This April 29, the Catholic Church celebrates the memory of Saint Tyquicus, a disciple of the apostle Saint Paul, whom in his epistles he called “dear brother” and “faithful helper”.
In his letter to the Colossians, Saint Paul wrote: “Tychicus, my dear brother, will give you news of everything that concerns me; he is to me a faithful helper and companion in the service of the Lord. He expressly sent it to you to bring you news of me and give you encouragement.”
The New Testament gives indications that Tychicus had strong ties with the cities of Troas, Ephesus, and Colossae, all in Asia Minor (Turkey).

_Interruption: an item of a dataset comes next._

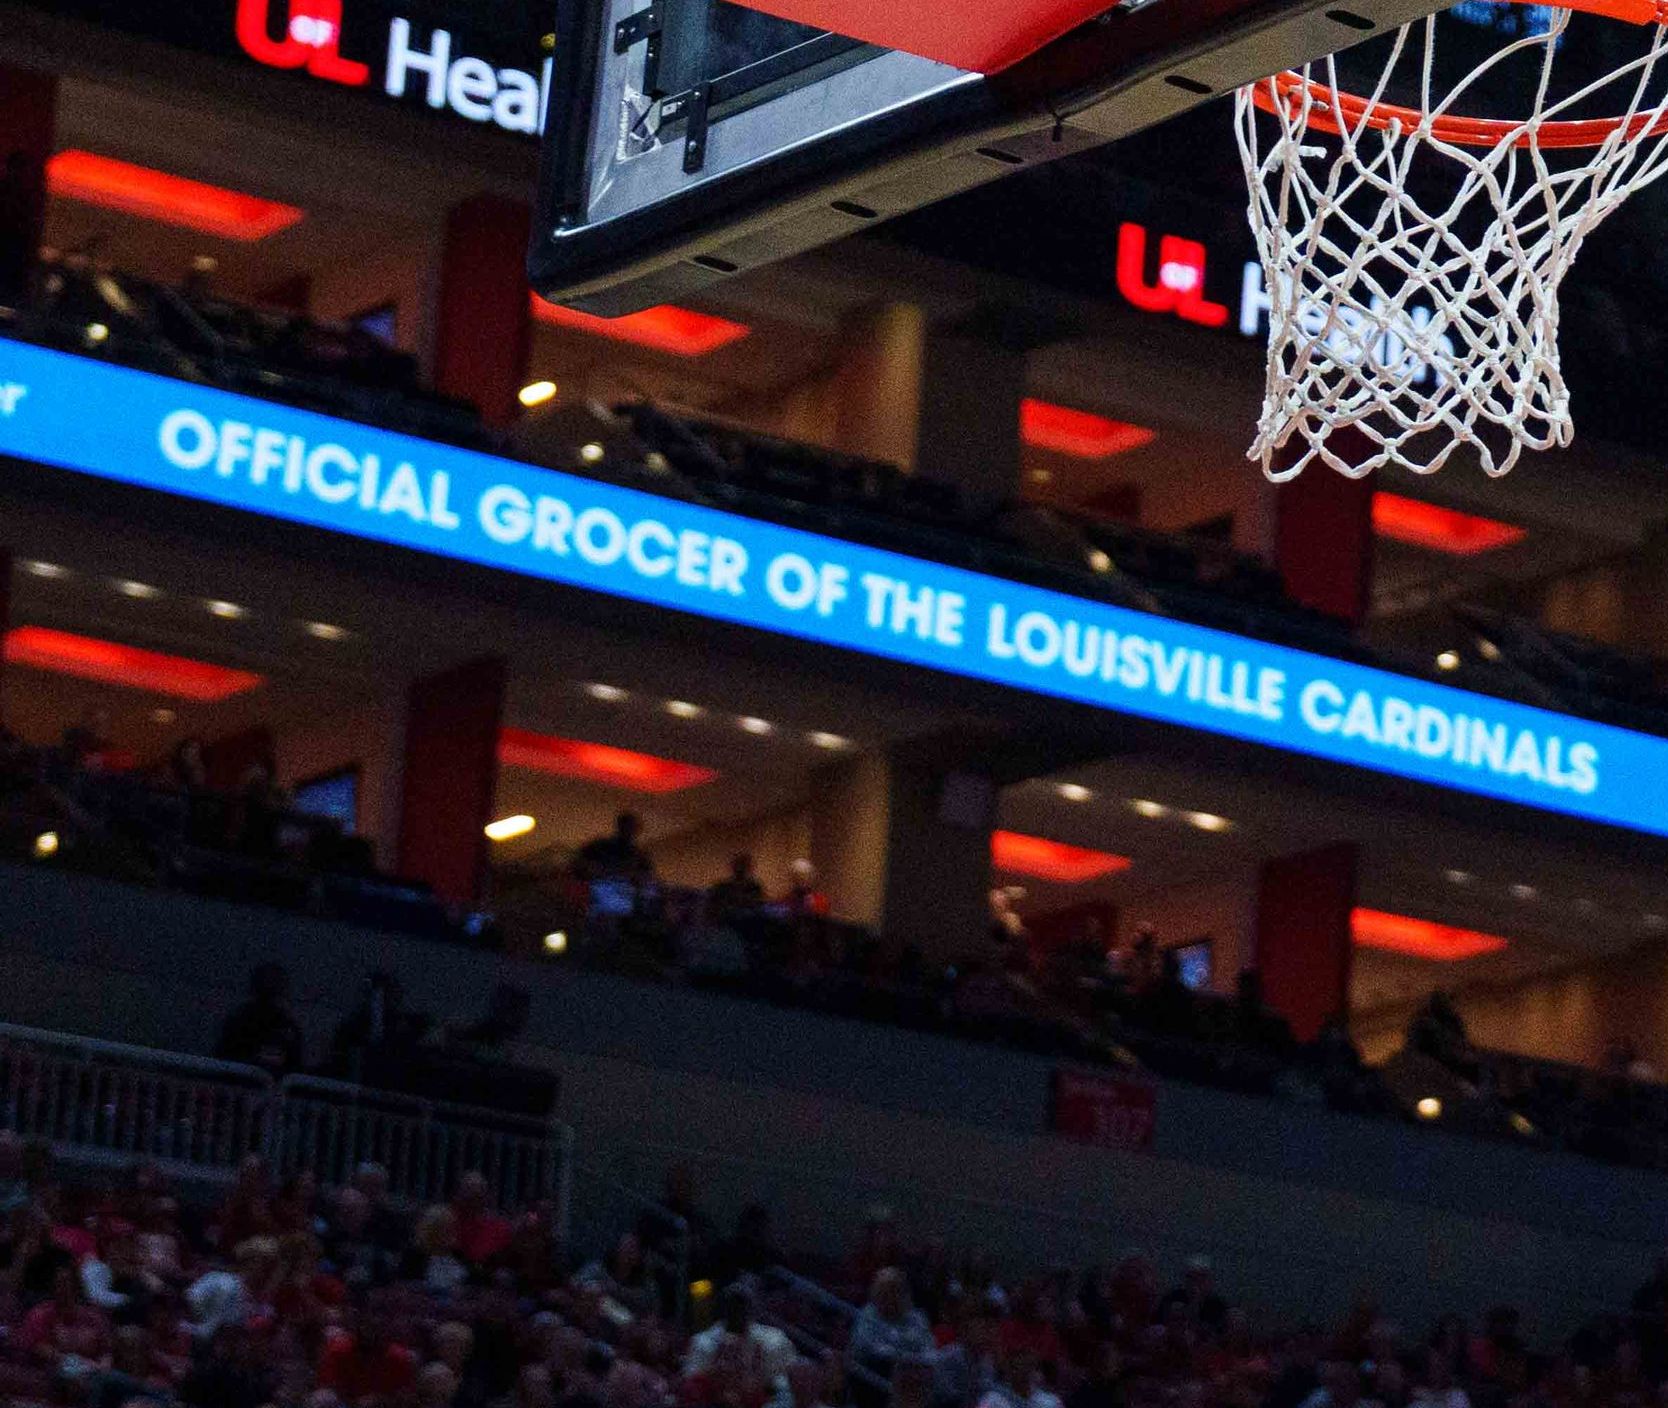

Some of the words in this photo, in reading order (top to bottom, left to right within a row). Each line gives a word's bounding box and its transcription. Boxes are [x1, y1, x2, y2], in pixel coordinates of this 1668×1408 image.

This saint is presented for the first time in the Bible in the Acts of the Apostles, in the middle of Saint Paul’s third missionary journey. While Paul was traveling through Greece, a plot uncovered against him forced him to flee. Tychicus, Aristarchus, Timothy, and a few other missionaries were with him during this time.

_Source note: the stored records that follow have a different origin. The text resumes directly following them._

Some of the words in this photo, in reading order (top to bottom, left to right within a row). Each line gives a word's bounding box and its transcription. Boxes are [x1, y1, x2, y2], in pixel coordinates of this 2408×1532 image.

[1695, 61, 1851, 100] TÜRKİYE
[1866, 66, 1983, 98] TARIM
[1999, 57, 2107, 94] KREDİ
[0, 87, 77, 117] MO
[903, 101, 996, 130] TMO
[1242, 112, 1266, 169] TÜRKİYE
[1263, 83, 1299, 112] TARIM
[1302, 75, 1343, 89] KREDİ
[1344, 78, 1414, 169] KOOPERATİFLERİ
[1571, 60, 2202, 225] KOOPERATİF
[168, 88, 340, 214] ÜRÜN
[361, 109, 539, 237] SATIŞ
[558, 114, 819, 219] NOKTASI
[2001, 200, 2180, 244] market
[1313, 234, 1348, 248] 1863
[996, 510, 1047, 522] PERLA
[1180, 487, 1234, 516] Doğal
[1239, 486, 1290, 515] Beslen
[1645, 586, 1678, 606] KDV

From the Epistles it appears that Tychicus visited Paul in prison on at least one occasion. Paul was in prison (probably in Rome or Caesarea) when he wrote his Letter to the Ephesians, and had Tychicus deliver it to the Church there.
Paul was also in prison when he wrote his letter to the Church in Colossae. It is not known whether it was the same detention during which he wrote his Letter to the Ephesians or a different one. Tychicus, along with another Christian named Onesimus, also delivered this letter.
Because he delivered these important letters to Ephesus and Colossae, he could be considered the patron saint of postmen and of modern Turkey.
Some claim that Tychicus was Bishop of Paphos in Cyprus, an island off the coast of Turkey.